AUSTIN, TX Katana Graph, the AI-powered Graph Intelligence Platform providing faster, deeper, and more accurate insights on massive and complex data, demonstrated the power of its analytics library at Intel Investor Meeting 2022, a gathering of Intel executives to announce the company's future growth strategy, product roadmaps, and key milestones. The demo used Katana Graph’s technology to execute a 1.3 million cell genomic analysis on a Next-Gen Intel Xeon Scalable processor in 370 seconds, twice as fast as its closest competitor.
We are building the best graph intelligence platform with the goal of making it easier for data scientists to perform predictive analytics on massive datasets.

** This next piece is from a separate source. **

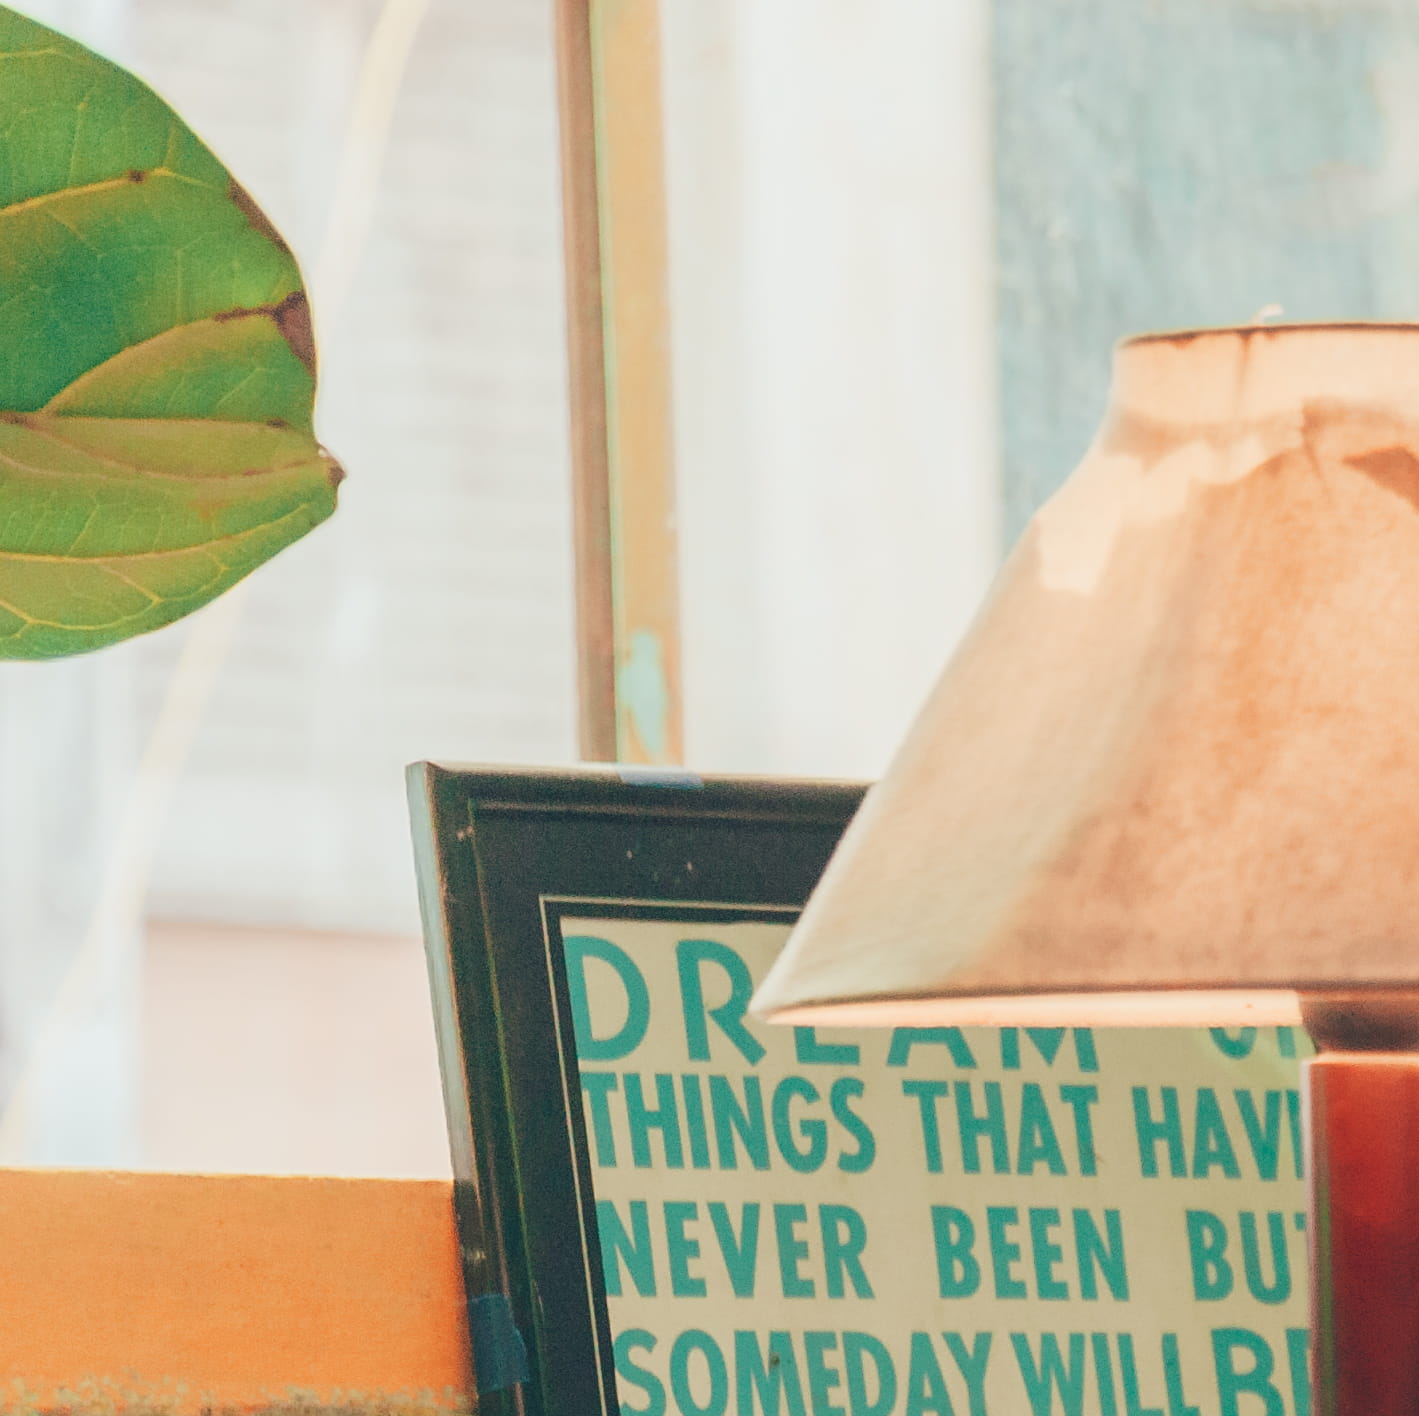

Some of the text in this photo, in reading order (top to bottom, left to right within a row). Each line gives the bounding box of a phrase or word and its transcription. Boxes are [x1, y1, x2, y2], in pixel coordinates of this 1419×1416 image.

[580, 1071, 876, 1174] THINGS
[902, 1079, 1099, 1177] THAT
[596, 1199, 1307, 1305] NEVER BEEN BU

Single-cell genomic analysis, which provides genetic insights at cellular levels by decoding gene expression to determine response to disease and drugs, is highly compute-intensive. Intel’s Single Cell Genomics Competitive Demo used Louvain clustering, a community detection algorithm implemented in Katana’s analytics library and optimized for Intel’s Xeon platform.
"We are building the best graph intelligence platform with the goal of making it easier for data scientists to perform predictive analytics on massive datasets," said Keshav Pingali, Katana Graph CEO. "Combined with the power of Intel's hardware, our platform reduces the time to discovery while lowering the cost of making these discoveries. I am proud of Katana Graph's partnership with Intel as we tackle the toughest pain points of data scientists, enabling critical discoveries in the field of genomics."
The demonstration of the power of Katana Graph’s Analytics Library at Intel Investor Meeting 2022 comes on the heels of Katana’s success in the Therapeutics Data Commons’ (TDC) molecular property predictions competition in which Katana’s innovative graph machine-learning algorithm solved twenty-two problems, ranking first in eight problems and second in two other problems, to take the first place in the leaderboard for the TDC competition.
Katana Graph is also partnering with Intel to create and launch a high-performance graph analytics Python library for the benefit of data scientists and the growth of the open core community.